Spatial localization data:
◆ ◆ ◆ ◆ ◆ ◆ ◆
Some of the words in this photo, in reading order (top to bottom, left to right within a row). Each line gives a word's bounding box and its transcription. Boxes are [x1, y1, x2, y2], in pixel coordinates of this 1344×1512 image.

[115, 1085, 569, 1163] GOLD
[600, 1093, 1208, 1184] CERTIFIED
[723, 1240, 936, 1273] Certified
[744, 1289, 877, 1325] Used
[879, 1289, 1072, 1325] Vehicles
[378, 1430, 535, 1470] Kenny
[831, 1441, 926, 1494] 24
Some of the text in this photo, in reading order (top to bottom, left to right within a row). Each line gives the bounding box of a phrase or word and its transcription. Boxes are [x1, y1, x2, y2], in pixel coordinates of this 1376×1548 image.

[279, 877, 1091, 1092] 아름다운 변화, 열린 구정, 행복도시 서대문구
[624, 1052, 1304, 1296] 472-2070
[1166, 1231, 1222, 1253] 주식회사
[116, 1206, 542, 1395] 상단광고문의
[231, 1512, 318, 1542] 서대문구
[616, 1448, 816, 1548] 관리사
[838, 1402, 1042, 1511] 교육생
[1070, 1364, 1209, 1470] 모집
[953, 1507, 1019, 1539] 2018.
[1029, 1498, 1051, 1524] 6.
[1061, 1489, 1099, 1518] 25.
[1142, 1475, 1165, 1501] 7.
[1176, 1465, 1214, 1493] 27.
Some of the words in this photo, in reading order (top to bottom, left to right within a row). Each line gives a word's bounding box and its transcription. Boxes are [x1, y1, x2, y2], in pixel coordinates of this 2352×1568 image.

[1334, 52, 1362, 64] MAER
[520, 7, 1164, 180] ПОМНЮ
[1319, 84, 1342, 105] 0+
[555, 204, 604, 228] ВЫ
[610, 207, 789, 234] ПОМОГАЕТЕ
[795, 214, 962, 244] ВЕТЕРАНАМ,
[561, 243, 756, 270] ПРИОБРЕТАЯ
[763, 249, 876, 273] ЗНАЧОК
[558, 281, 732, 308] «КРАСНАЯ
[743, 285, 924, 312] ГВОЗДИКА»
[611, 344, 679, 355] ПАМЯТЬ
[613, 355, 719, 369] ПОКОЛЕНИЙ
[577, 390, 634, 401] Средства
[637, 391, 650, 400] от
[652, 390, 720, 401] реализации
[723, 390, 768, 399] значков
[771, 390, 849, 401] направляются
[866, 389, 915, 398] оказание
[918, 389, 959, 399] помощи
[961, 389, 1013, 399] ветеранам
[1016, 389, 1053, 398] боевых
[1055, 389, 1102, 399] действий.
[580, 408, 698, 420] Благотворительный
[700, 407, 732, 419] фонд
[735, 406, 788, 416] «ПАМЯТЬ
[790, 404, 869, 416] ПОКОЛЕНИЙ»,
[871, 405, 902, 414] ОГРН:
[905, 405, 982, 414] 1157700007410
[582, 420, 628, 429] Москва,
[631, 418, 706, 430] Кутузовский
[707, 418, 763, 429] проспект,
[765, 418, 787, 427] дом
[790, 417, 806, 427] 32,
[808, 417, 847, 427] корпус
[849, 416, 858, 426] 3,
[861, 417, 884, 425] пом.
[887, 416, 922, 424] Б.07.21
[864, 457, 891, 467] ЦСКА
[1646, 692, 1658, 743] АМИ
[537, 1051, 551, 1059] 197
◆ ◆ ◆ ◆ ◆ ◆ ◆
What the exercise asks
All the records are to be transcribed exactly, with no line missing.

Result
Some of the words in this photo, in reading order (top to bottom, left to right within a row). Each line gives a word's bounding box and its transcription. Boxes are [x1, y1, x2, y2], in pixel coordinates of this 1344×1512 image.

[115, 1085, 569, 1163] GOLD
[600, 1093, 1208, 1184] CERTIFIED
[723, 1240, 936, 1273] Certified
[744, 1289, 877, 1325] Used
[879, 1289, 1072, 1325] Vehicles
[378, 1430, 535, 1470] Kenny
[831, 1441, 926, 1494] 24
Some of the text in this photo, in reading order (top to bottom, left to right within a row). Each line gives the bounding box of a phrase or word and its transcription. Boxes are [x1, y1, x2, y2], in pixel coordinates of this 1376×1548 image.

[279, 877, 1091, 1092] 아름다운 변화, 열린 구정, 행복도시 서대문구
[624, 1052, 1304, 1296] 472-2070
[1166, 1231, 1222, 1253] 주식회사
[116, 1206, 542, 1395] 상단광고문의
[231, 1512, 318, 1542] 서대문구
[616, 1448, 816, 1548] 관리사
[838, 1402, 1042, 1511] 교육생
[1070, 1364, 1209, 1470] 모집
[953, 1507, 1019, 1539] 2018.
[1029, 1498, 1051, 1524] 6.
[1061, 1489, 1099, 1518] 25.
[1142, 1475, 1165, 1501] 7.
[1176, 1465, 1214, 1493] 27.
Some of the words in this photo, in reading order (top to bottom, left to right within a row). Each line gives a word's bounding box and its transcription. Boxes are [x1, y1, x2, y2], in pixel coordinates of this 2352×1568 image.

[1334, 52, 1362, 64] MAER
[520, 7, 1164, 180] ПОМНЮ
[1319, 84, 1342, 105] 0+
[555, 204, 604, 228] ВЫ
[610, 207, 789, 234] ПОМОГАЕТЕ
[795, 214, 962, 244] ВЕТЕРАНАМ,
[561, 243, 756, 270] ПРИОБРЕТАЯ
[763, 249, 876, 273] ЗНАЧОК
[558, 281, 732, 308] «КРАСНАЯ
[743, 285, 924, 312] ГВОЗДИКА»
[611, 344, 679, 355] ПАМЯТЬ
[613, 355, 719, 369] ПОКОЛЕНИЙ
[577, 390, 634, 401] Средства
[637, 391, 650, 400] от
[652, 390, 720, 401] реализации
[723, 390, 768, 399] значков
[771, 390, 849, 401] направляются
[866, 389, 915, 398] оказание
[918, 389, 959, 399] помощи
[961, 389, 1013, 399] ветеранам
[1016, 389, 1053, 398] боевых
[1055, 389, 1102, 399] действий.
[580, 408, 698, 420] Благотворительный
[700, 407, 732, 419] фонд
[735, 406, 788, 416] «ПАМЯТЬ
[790, 404, 869, 416] ПОКОЛЕНИЙ»,
[871, 405, 902, 414] ОГРН:
[905, 405, 982, 414] 1157700007410
[582, 420, 628, 429] Москва,
[631, 418, 706, 430] Кутузовский
[707, 418, 763, 429] проспект,
[765, 418, 787, 427] дом
[790, 417, 806, 427] 32,
[808, 417, 847, 427] корпус
[849, 416, 858, 426] 3,
[861, 417, 884, 425] пом.
[887, 416, 922, 424] Б.07.21
[864, 457, 891, 467] ЦСКА
[1646, 692, 1658, 743] АМИ
[537, 1051, 551, 1059] 197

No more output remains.